Des larmes mouillèrent les yeux de l’autre.

– Ça va, ça va, mon vieux ! dit-il. Nous sommes en enfer et nous ne pouvons rien y faire. Seulement tu sais, je t’ai à la bonne. Voilà ce qui m’a vexé. Tu m’as plu tout de suite.

Martin lui serra la main.

– Si on lâchait ça ? suggéra Joe. Lâchons ça et faisons-nous chemineaux. Je n’ai jamais essayé, mais ça doit être très facile. Et rien à faire, pense donc ! rien à faire ! j’ai été malade une fois – la typhoïde – à l’hôpital et c’était épatant ! Je voudrais bien retomber malade.
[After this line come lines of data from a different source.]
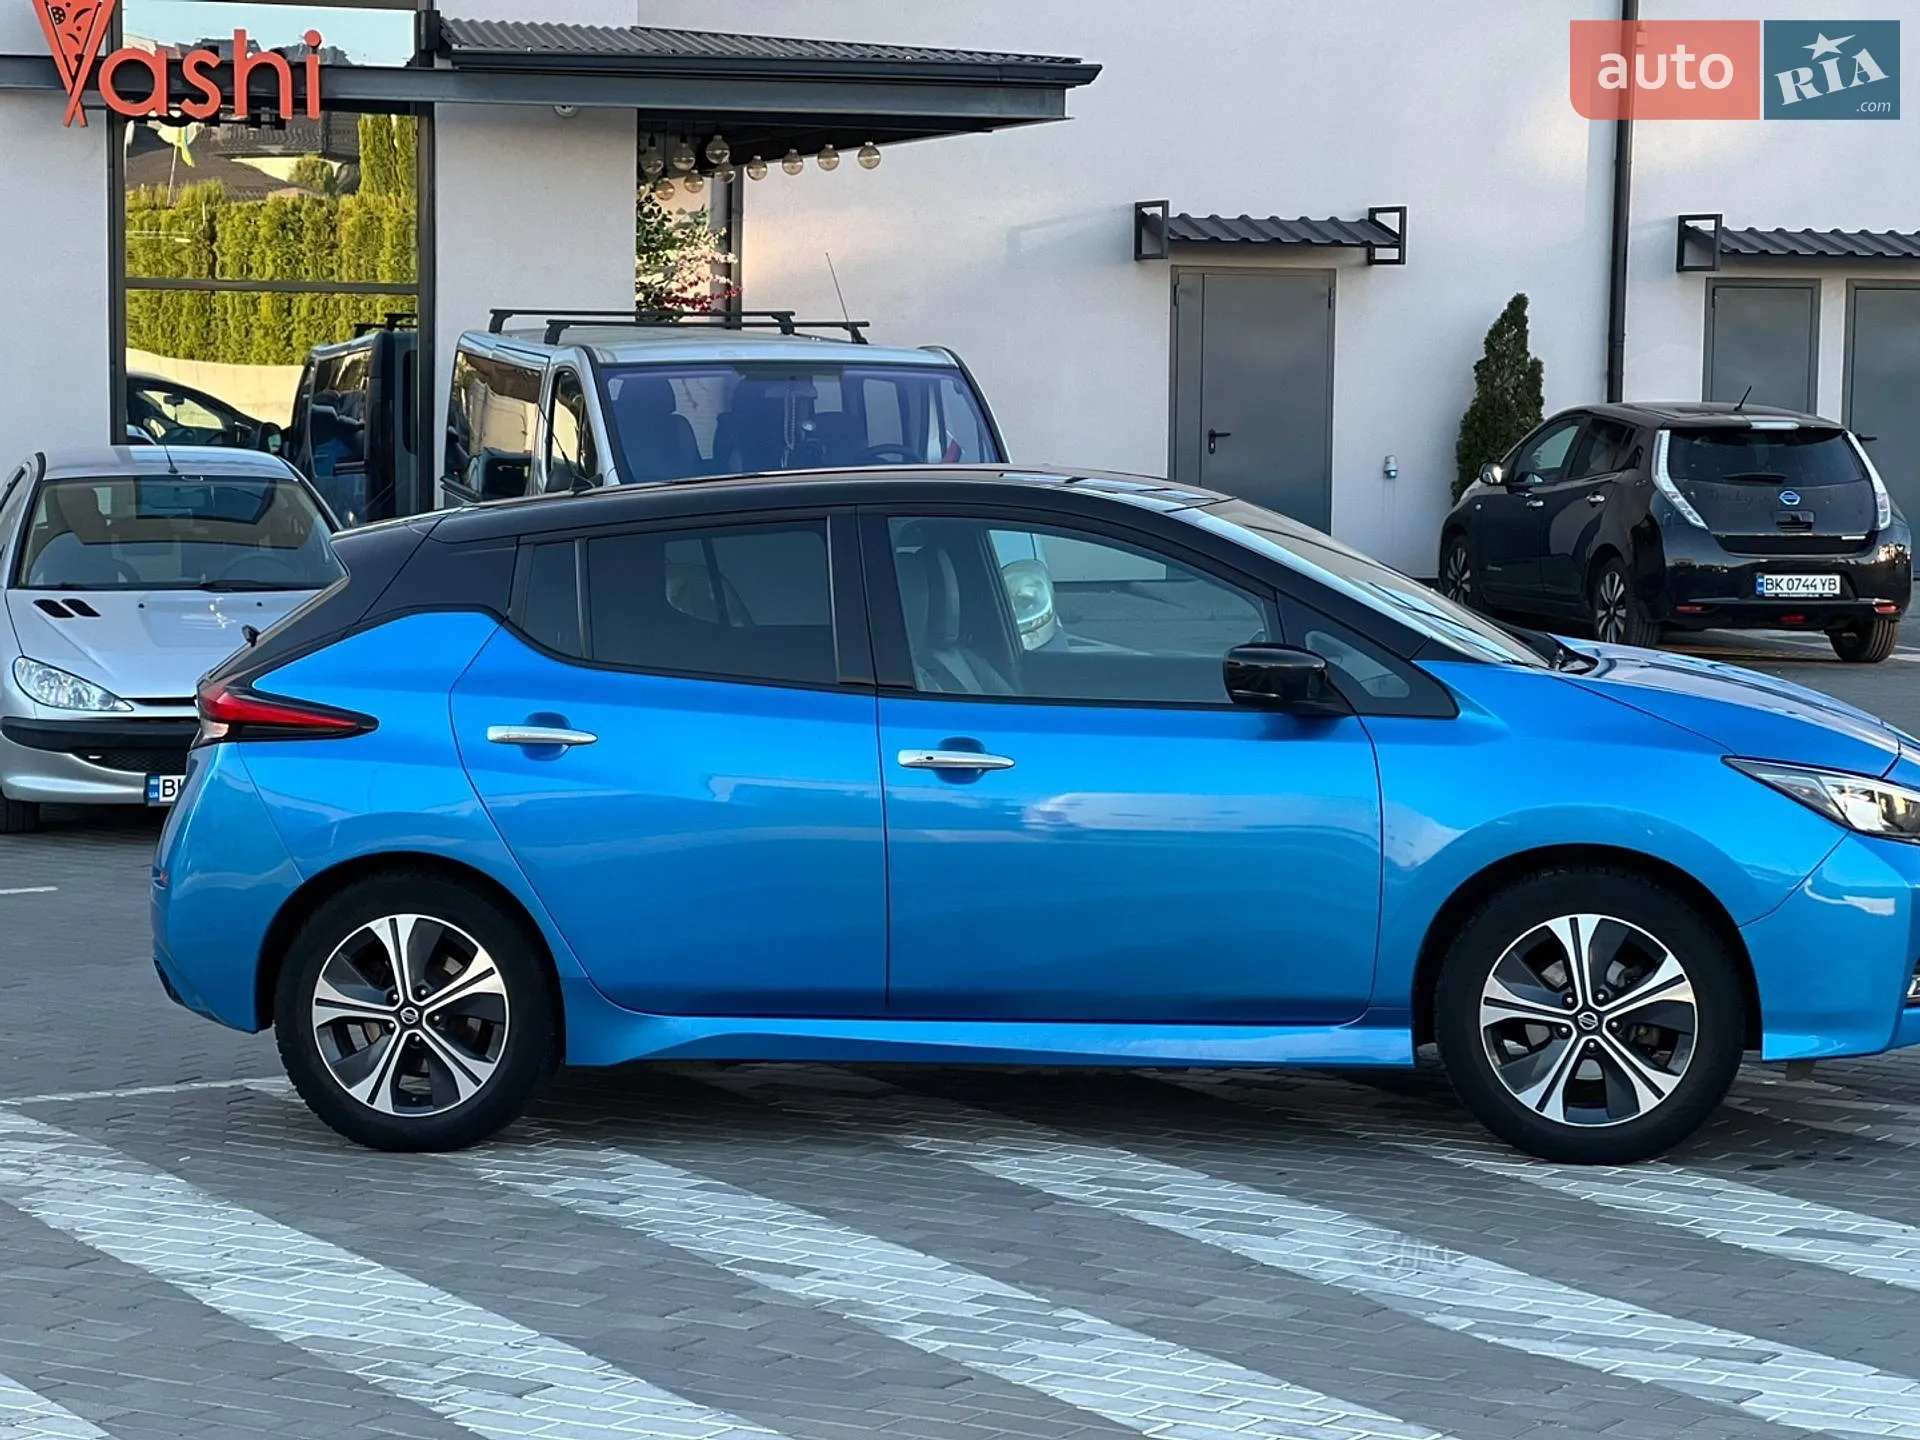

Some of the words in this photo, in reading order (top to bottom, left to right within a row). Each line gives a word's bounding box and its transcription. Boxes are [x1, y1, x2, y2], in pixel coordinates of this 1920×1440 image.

[1765, 578, 1783, 591] BK
[1786, 578, 1817, 591] 0744
[1820, 578, 1837, 591] YB
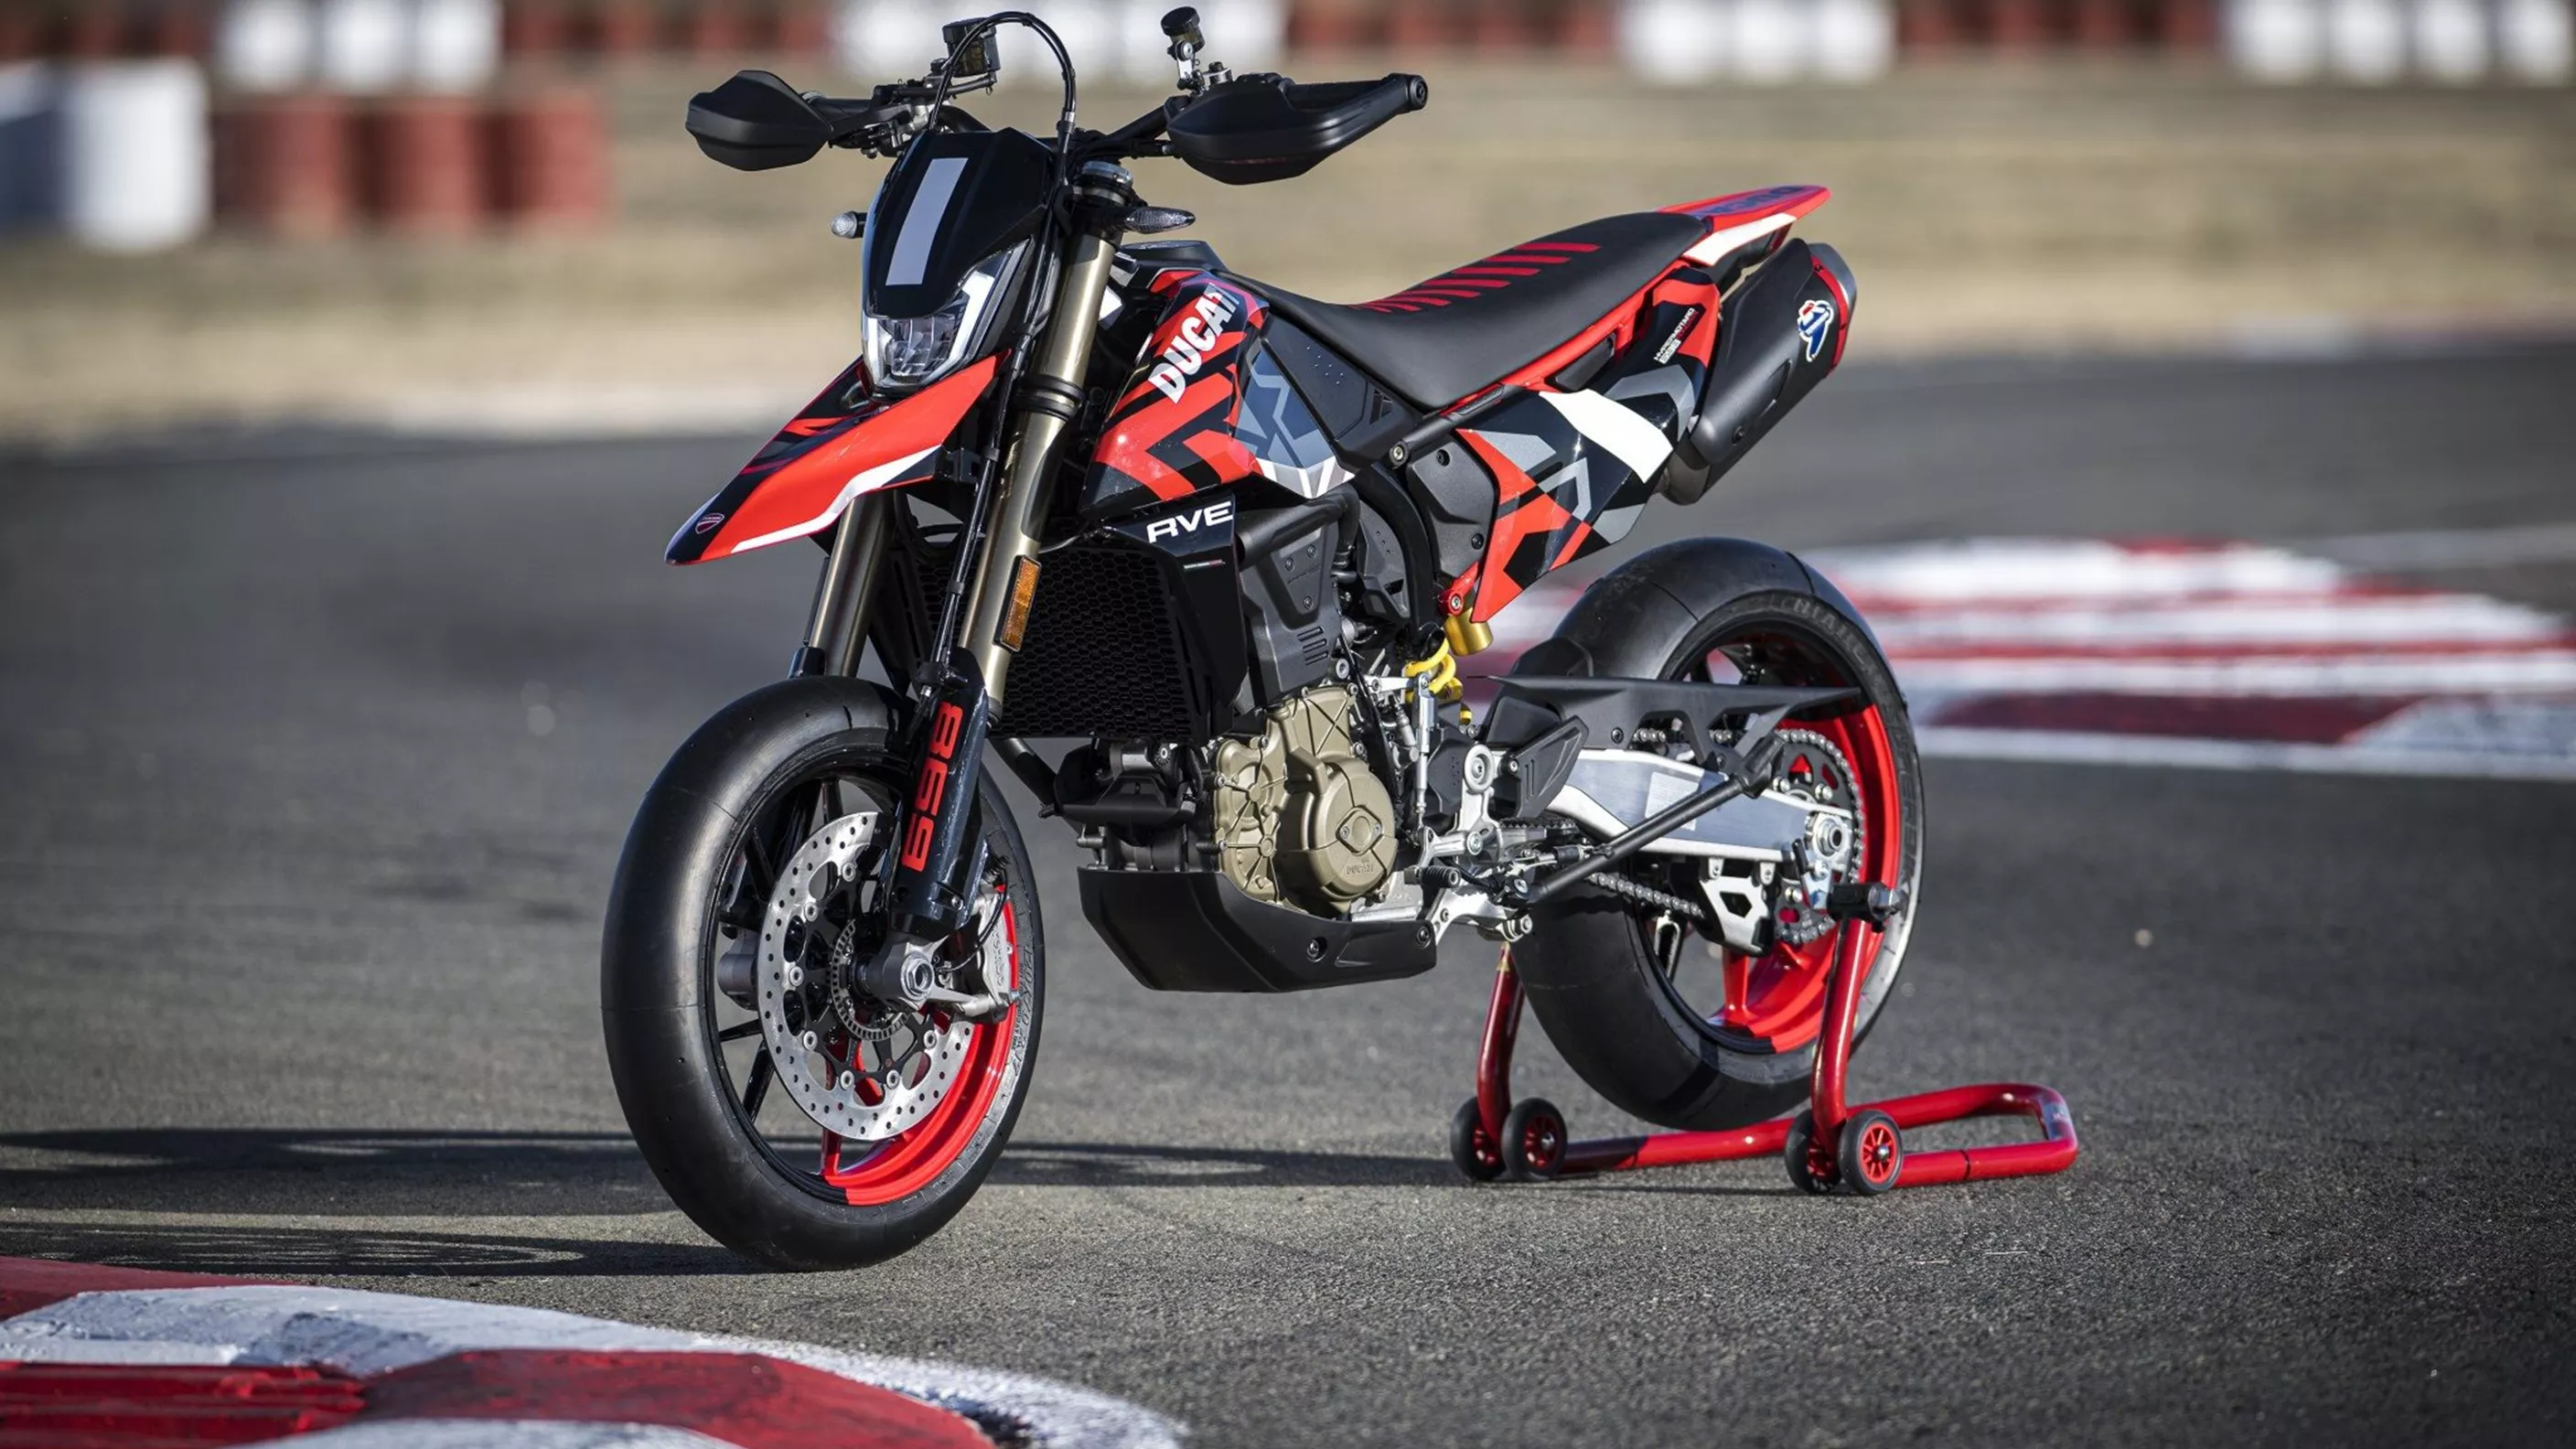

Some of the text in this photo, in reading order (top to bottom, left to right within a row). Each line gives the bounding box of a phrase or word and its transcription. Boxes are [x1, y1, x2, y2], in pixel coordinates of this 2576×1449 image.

[1147, 283, 1240, 404] DUCATI
[1146, 500, 1233, 543] RVE
[901, 702, 963, 872] 698
La semaine fut longue. L’hôtel était plein et « l’empesage de fin » s’accumulait. Ils firent des prodiges. Ils travaillaient tard chaque nuit, dépêchaient leurs repas et commençaient même une demi-heure avant le petit déjeuner. Martin ne prenait plus de bain froid. Chaque instant était précieux et Joe, gardien attentif du troupeau, n’en perdait pas un, les comptait et les recomptait comme un avare son trésor ; il peinait fiévreusement, comme une machine forcenée, aidée par cette autre machine, Martin Eden – un homme.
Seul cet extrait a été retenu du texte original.